Sunday, March 15, 2009

The Graveyard Book by Neil Gaiman


Newbery Award Winner for 2009
"There was a hand in the darkness, and it held a knife. The knife had a handle of polished black bone, and a blade finer and sharper than any razor. If it sliced you, you might not even know you had been cut, not immediately. The knife had done almost everything it was brough to that house to do, and both the blade and the handle were wet." (1-3)

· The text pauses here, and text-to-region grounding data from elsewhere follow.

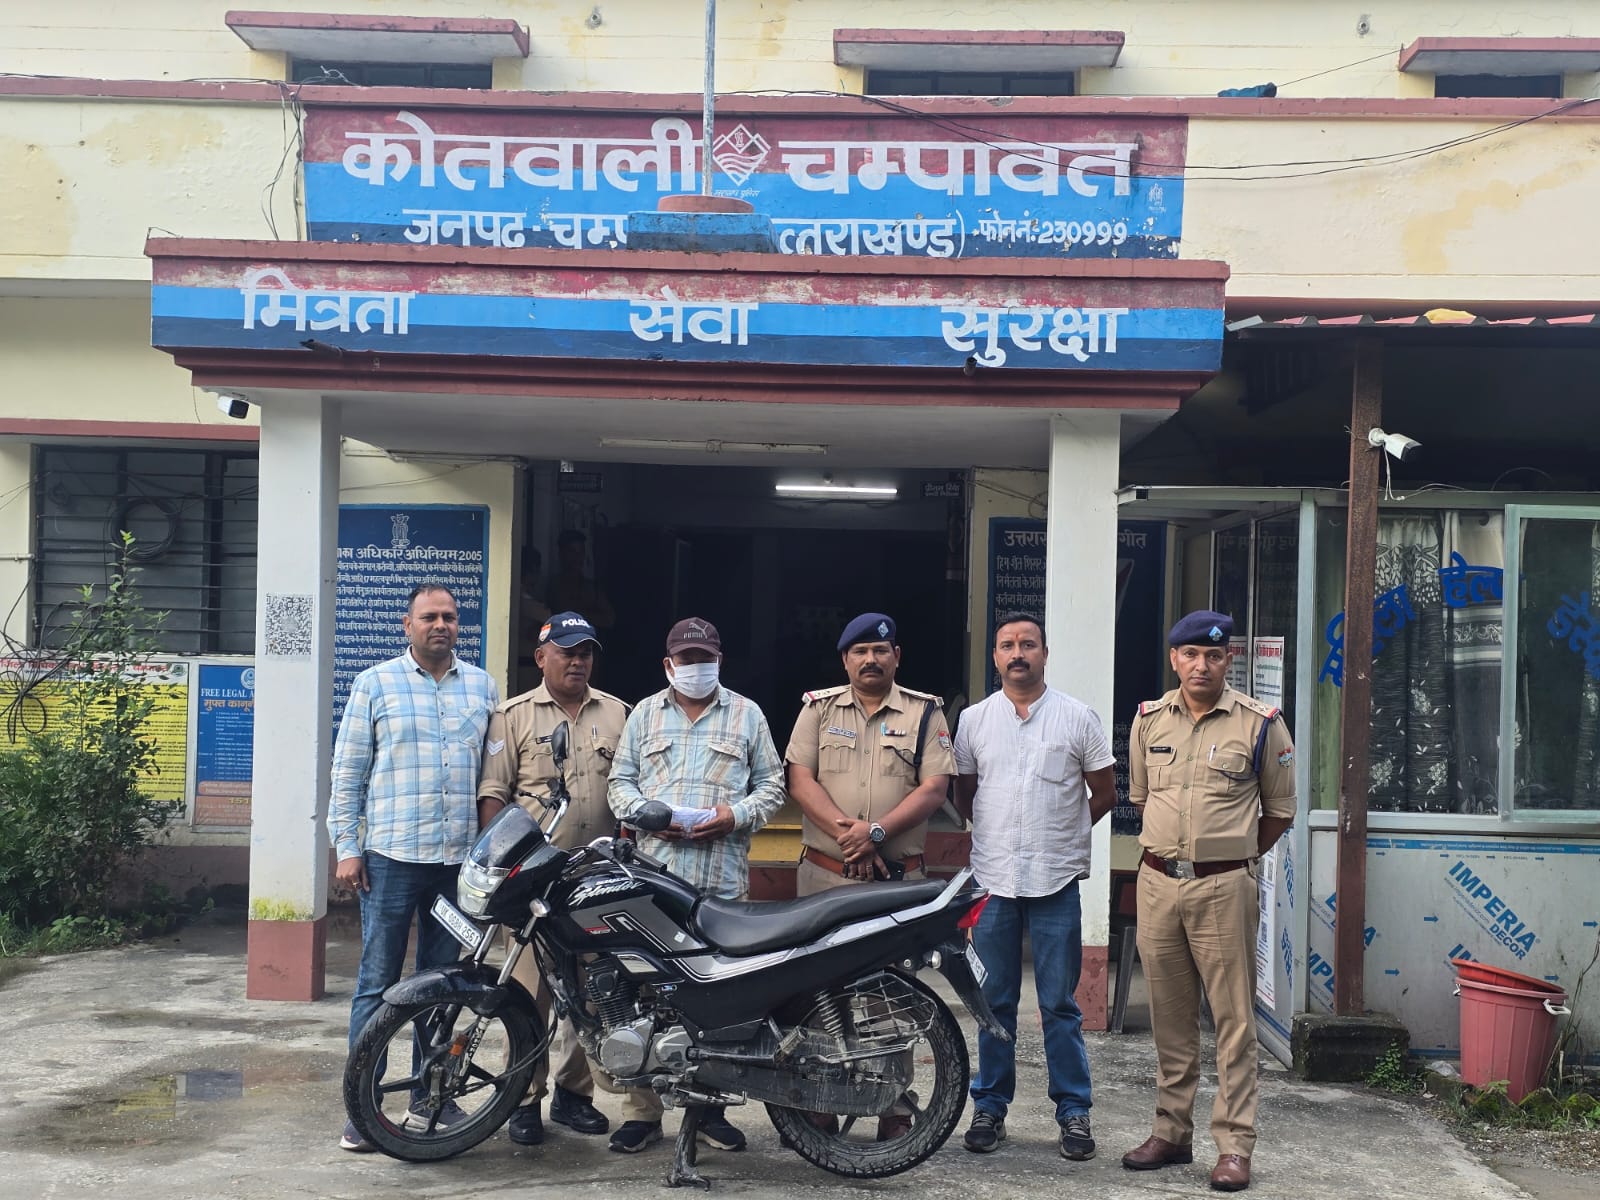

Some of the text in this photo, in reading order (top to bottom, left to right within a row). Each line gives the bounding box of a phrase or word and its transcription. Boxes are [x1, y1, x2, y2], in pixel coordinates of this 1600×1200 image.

[343, 111, 1138, 197] कोतवाली चम्पावत
[240, 267, 1128, 367] मित्रता सेवा सुरक्षा
[356, 543, 403, 561] अधिकार
[201, 688, 220, 697] FREE
[222, 689, 247, 698] LEGAL
[1448, 860, 1536, 952] IMPERIA
[461, 925, 479, 945] 2561
[1489, 923, 1527, 960] DECOR
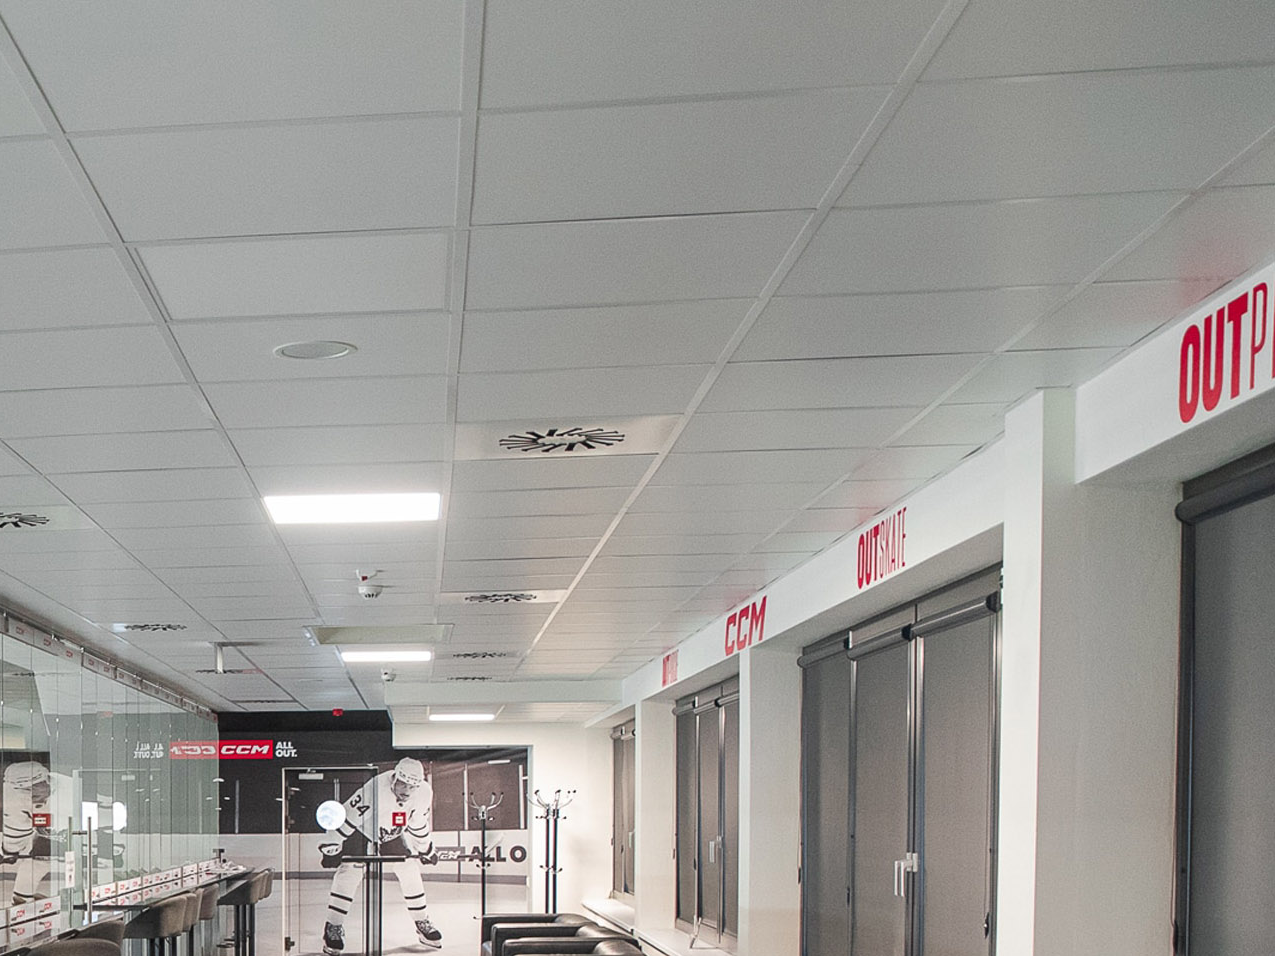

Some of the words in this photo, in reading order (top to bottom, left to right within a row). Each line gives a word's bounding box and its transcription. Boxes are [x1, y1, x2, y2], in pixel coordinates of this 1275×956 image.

[1178, 282, 1275, 424] OUTP
[857, 506, 907, 590] OUTSKATE
[724, 595, 767, 656] CCM
[220, 745, 271, 755] CCM
[275, 741, 294, 750] ALL
[275, 750, 298, 758] OUT.
[349, 794, 371, 817] 34
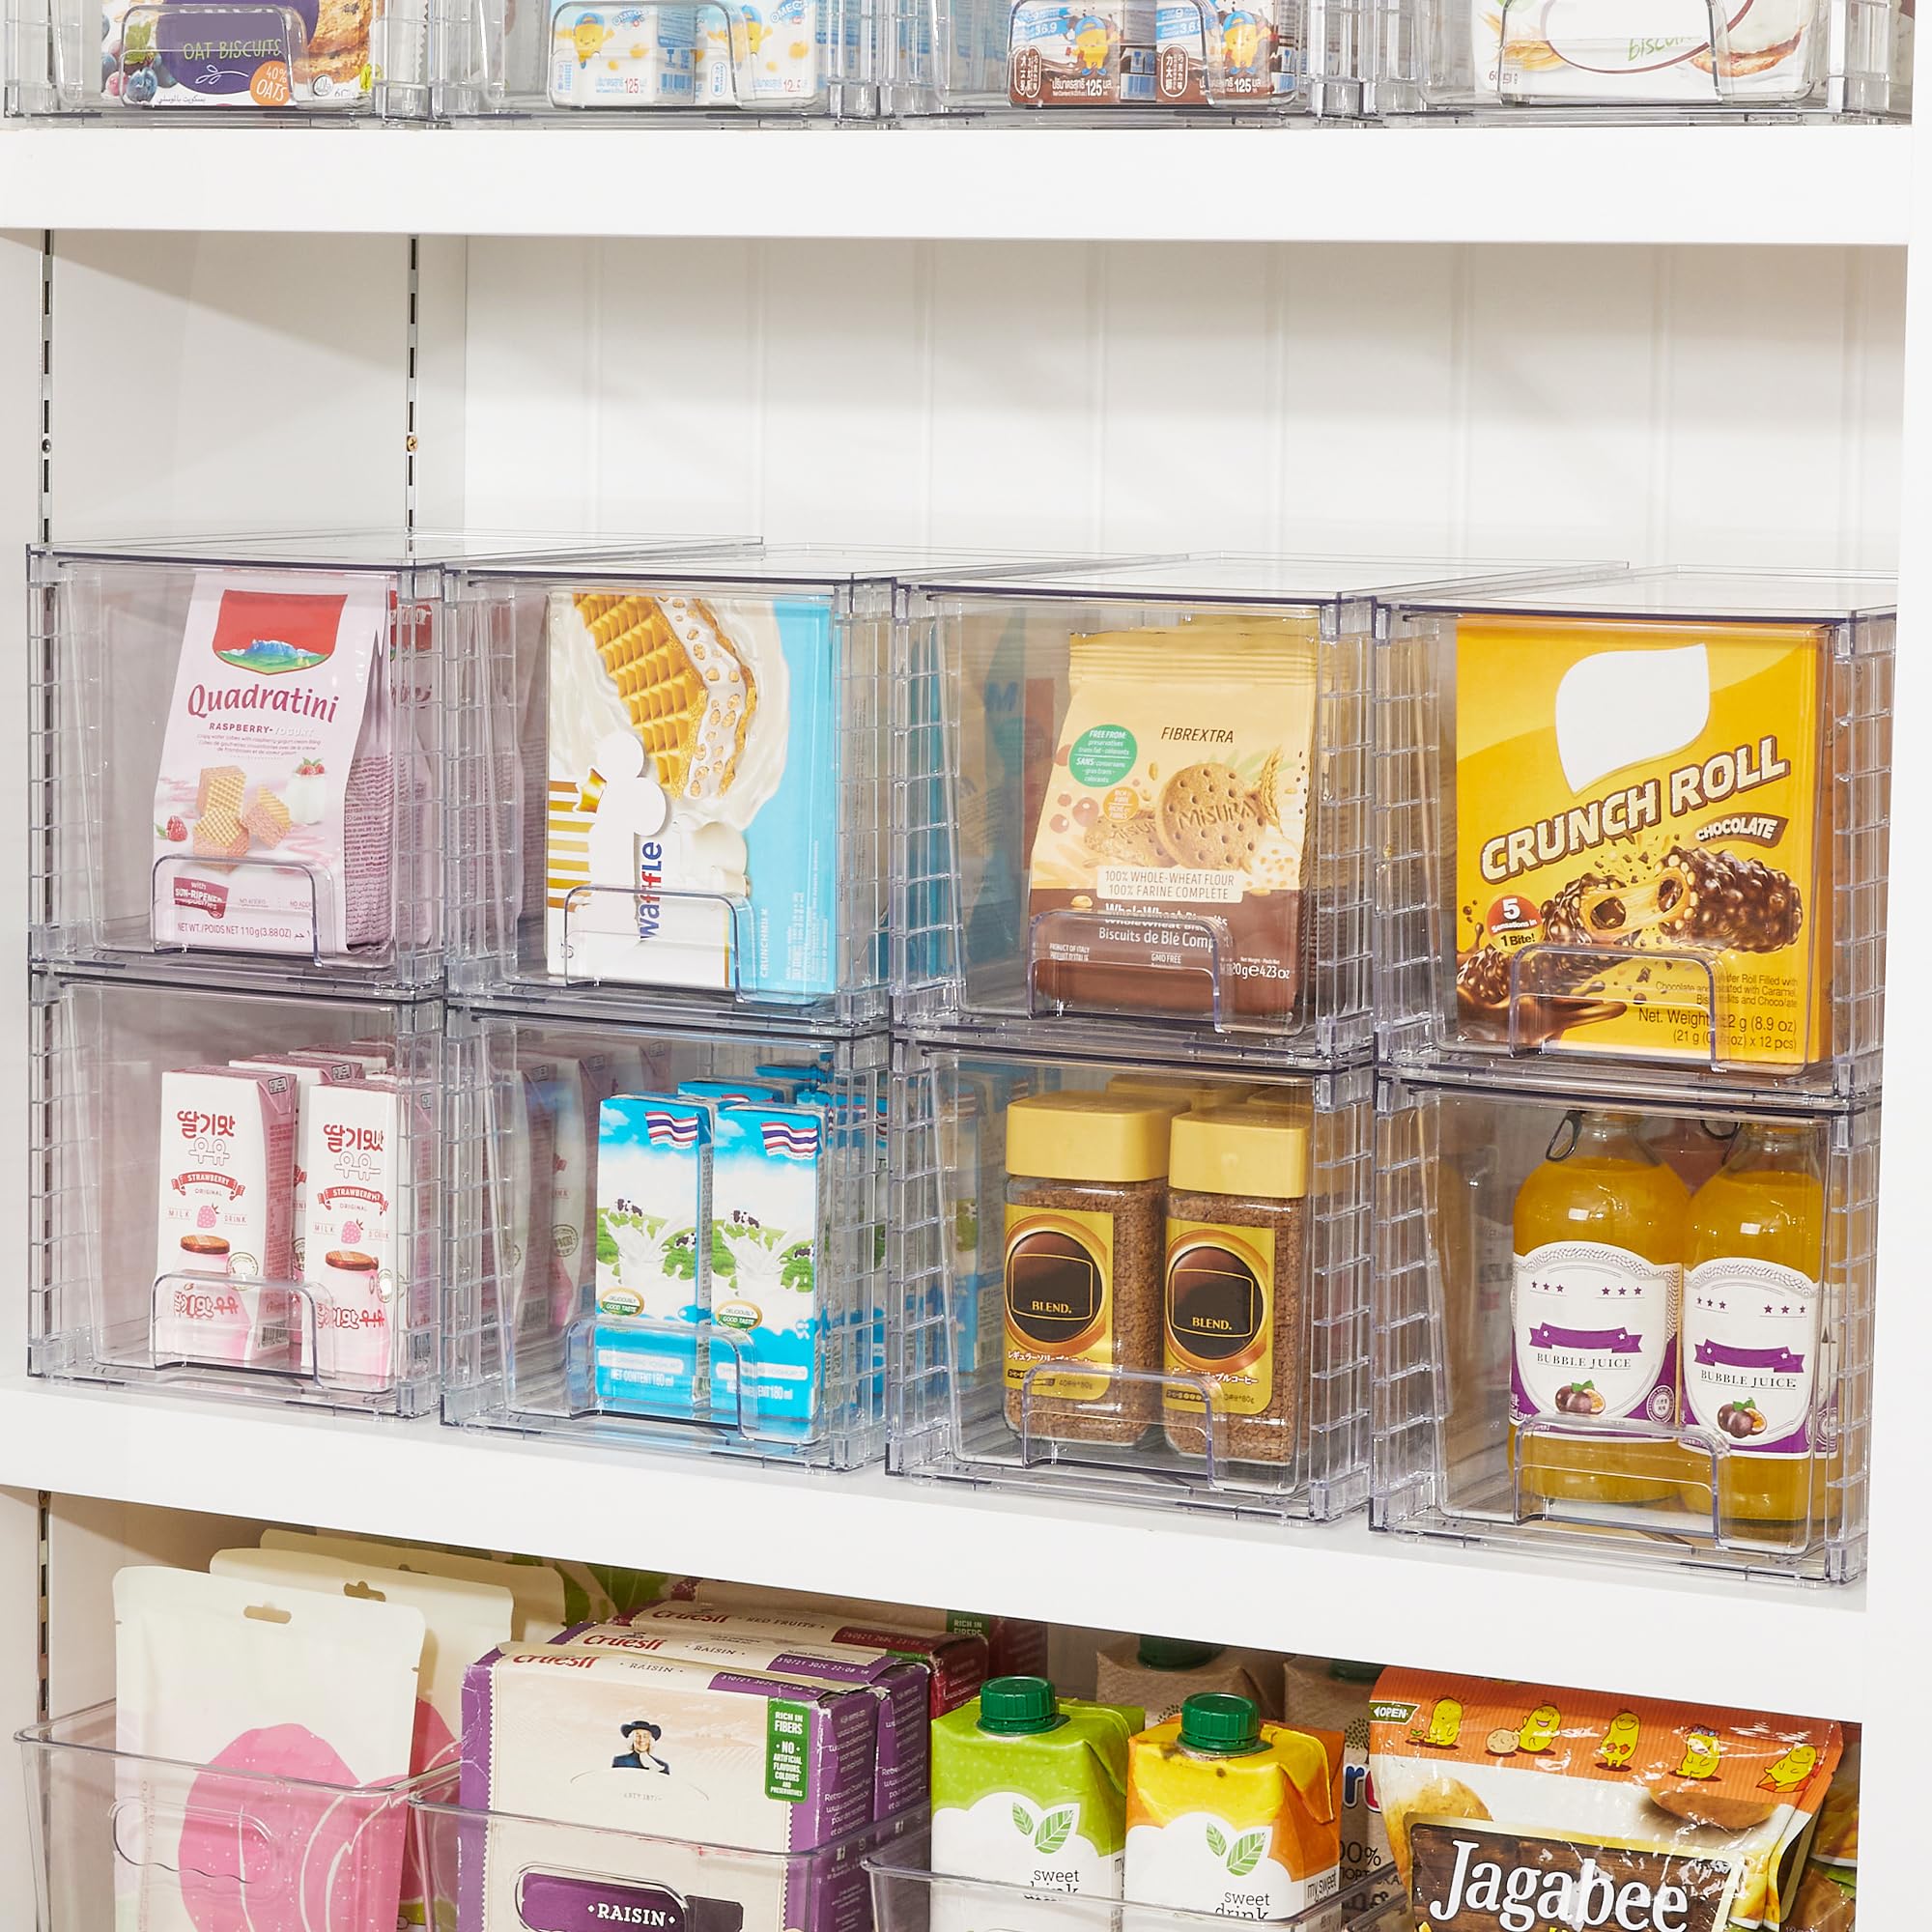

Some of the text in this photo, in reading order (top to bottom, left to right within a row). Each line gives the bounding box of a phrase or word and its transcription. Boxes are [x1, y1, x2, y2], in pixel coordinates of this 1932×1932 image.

[184, 39, 282, 61] OAT BISCUITS
[266, 66, 287, 83] 40%
[256, 79, 287, 101] OATS
[625, 78, 640, 94] 125
[1086, 79, 1103, 97] 125
[1234, 78, 1252, 93] 125
[187, 684, 339, 723] Quadratini
[1160, 726, 1234, 744] FIBREXTRA
[1479, 734, 1792, 885] CRUNCH ROLL
[1694, 817, 1778, 842] CHOCOLATE
[1105, 870, 1234, 886] 100% WHOLE-WHEAT FLOUR
[191, 881, 206, 891] with
[1109, 884, 1133, 895] 100%
[1136, 885, 1173, 898] FARINE
[1502, 897, 1520, 920] 5
[226, 925, 239, 934] NET
[1098, 926, 1221, 953] Biscuits de Blé Comp
[1500, 932, 1536, 947] 1 Bite!
[1166, 953, 1181, 964] FREE
[1742, 974, 1798, 986] Roll Filled with
[1656, 981, 1695, 991] Chocolate
[1744, 985, 1760, 995] with
[1741, 995, 1755, 1005] and
[1758, 996, 1798, 1007] Chocolate
[1638, 1008, 1663, 1023] Net.
[1739, 1018, 1747, 1031] g
[1750, 1015, 1775, 1031] (8.9
[1777, 1020, 1798, 1033] oz)
[1673, 1030, 1689, 1043] (21
[1692, 1033, 1699, 1044] g
[1749, 1037, 1756, 1046] x
[1760, 1037, 1773, 1048] 12
[1775, 1037, 1797, 1050] pcs)
[177, 1110, 236, 1139] 딸기맛
[323, 1123, 384, 1152] 딸기맛
[187, 1173, 230, 1187] STRAWBERRY
[194, 1188, 223, 1197] ORIGINAL
[168, 1209, 190, 1218] MILK
[339, 1203, 368, 1211] ORIGINAL
[224, 1215, 247, 1224] DRINK
[314, 1224, 334, 1234] MILK
[622, 1305, 638, 1314] TASTE
[1032, 1300, 1072, 1314] BLEND.
[738, 1318, 754, 1326] TASTE
[1192, 1317, 1233, 1331] BLEND.
[1537, 1352, 1632, 1370] BUBBLE JUICE
[611, 1371, 622, 1381] NET
[1701, 1370, 1795, 1388] BUBBLE JUICE
[953, 1619, 972, 1628] RICH
[583, 1634, 737, 1655] Cruesli RAISIN
[629, 1662, 674, 1673] RAISIN
[775, 1711, 804, 1722] RICH IN
[1379, 1706, 1407, 1719] OPEN
[774, 1720, 803, 1735] FIBERS
[781, 1741, 795, 1754] NO
[773, 1753, 803, 1765] ARTIFICIAL
[773, 1762, 802, 1775] FLAVOURS,
[775, 1773, 800, 1783] COLOURS
[1034, 1870, 1079, 1883] sweet
[1429, 1839, 1688, 1932] Jagabee
[1224, 1891, 1270, 1906] sweet
[597, 1903, 666, 1927] RAISIN

That first sentence is accompanied with a two page spread of darkness surrounding an outstretched hand and knife, which eerily and beautifully sets the tone of discovery and danger for the rest of the book. Neil Gaiman, in his Newbery Award winning book The Graveyard Book, opens with the parents and older sister of a small toddler being murdered by the mysterious Jack. The toddler, who comes to be called Nobody Owens, escapes into the nearby graveyard, where the ghosts agree to care for him. He's given the Freedom of the Graveyard, which allows him some of the powers that the ghosts have, including fading and generating fear. The silent Silas, belonging neither to the world of the dead or the living, agrees to become his guardian. But not even Silas can guarantee Bod's safety when he grows older and begins to leave the graveyard with increasing frequency. Because no one knows when Jack will be coming back to finish the murders he started.